This one of mine isn't as nice as that Team frame, but it is a very comfortable ride. I got it off eBay a while back and love it. It is good ole double butted Cro-Mo, a bit heavy overall. The bike feels so good I am now thinking of updating it. The 88 catalog has it with Shimano 600, but mine came with Suntour GPX (Accushift.) The rear der sure rides close to the "cassette" though. There are too many serious hills in my area for me to enjoy double, so it will get either Ultegra 6500 or 105 triple and STI. And maybe lose the Wolber wheels... Nice 2010 Allez throwback, steel is the new carbon.


----------



## Quattro_Assi_07

.


----------



## mtbmig

*1987 Dave Tesh Specialized Team Allez*

I was looking up information on the Team Allez and found this information. I am curious about the interest on purchasing a Team Allez. I am thinking about selling my Team Allez. I am the origional owner and the bike is in excellent condition. Will post pics if there is enough interest. I purchased the bike in Morgan Hill California and I may be interested in parting with it.


----------



## bike.racer

*Team Allez*



mtbmig said:


> I was looking up information on the Team Allez and found this information. I am curious about the interest on purchasing a Team Allez. I am thinking about selling my Team Allez. I am the origional owner and the bike is in excellent condition. Will post pics if there is enough interest. I purchased the bike in Morgan Hill California and I may be interested in parting with it.

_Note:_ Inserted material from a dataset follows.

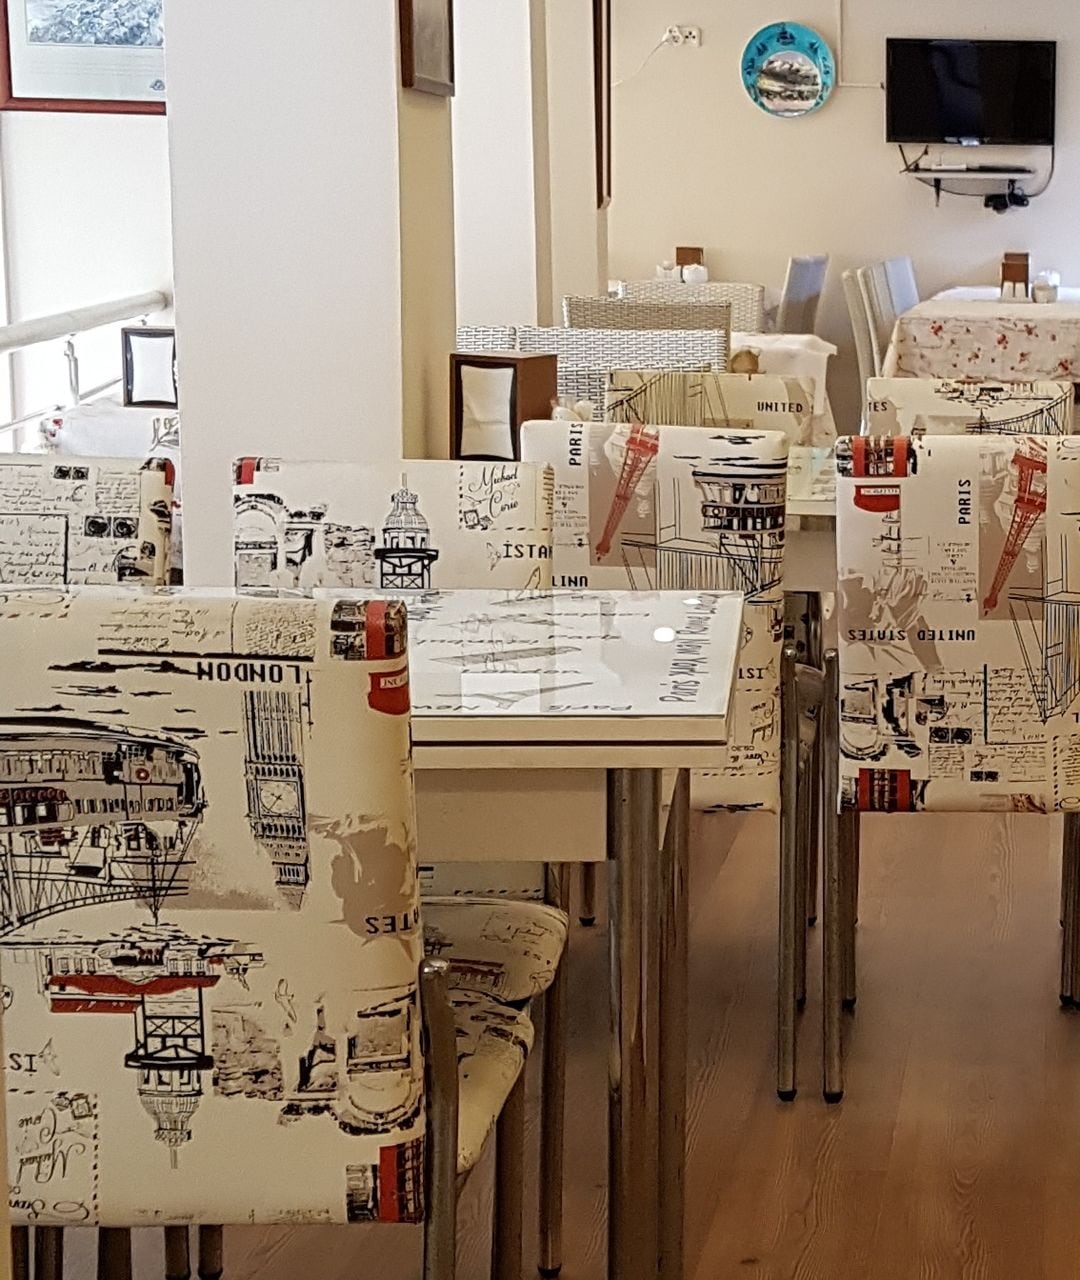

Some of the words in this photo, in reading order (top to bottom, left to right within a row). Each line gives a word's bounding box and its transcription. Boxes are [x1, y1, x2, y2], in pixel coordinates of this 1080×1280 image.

All it takes is one interested person to buy it, if you want to sell it. Also, the condition, size, color, etc are going to effect the sale price, so I'd recommend putting the photos out there first to see if someone is interested in the one you have. I don't think you can determine much by just posting that you have one, without more details. I'd like to check it out. Thanks!


----------



## JaeP

bike.racer said:


> All it takes is one interested person to buy it, if you want to sell it. Also, the condition, size, color, etc are going to effect the sale price, so I'd recommend putting the photos out there first to see if someone is interested in the one you have. I don't think you can determine much by just posting that you have one, without more details. I'd like to check it out. Thanks!


Me too!


----------



## mtbmig

Dropped the bike off at the bike shop so will post pics soon. Not looking to give it away and may post on ebay but depends. Haven't ridden the bike for over 10 years so working on "cleaning" it up.


----------



## cobrapatrol

*87 Allez Team*

Hello all-

I had the incredible good fortune of buying a Tesch-built Allez Team last week. Mine is a 56 cm. I will post some pictures when I have time to take some! It seems to be in very good condition, with all of it's original DA 7401 components except the pedals.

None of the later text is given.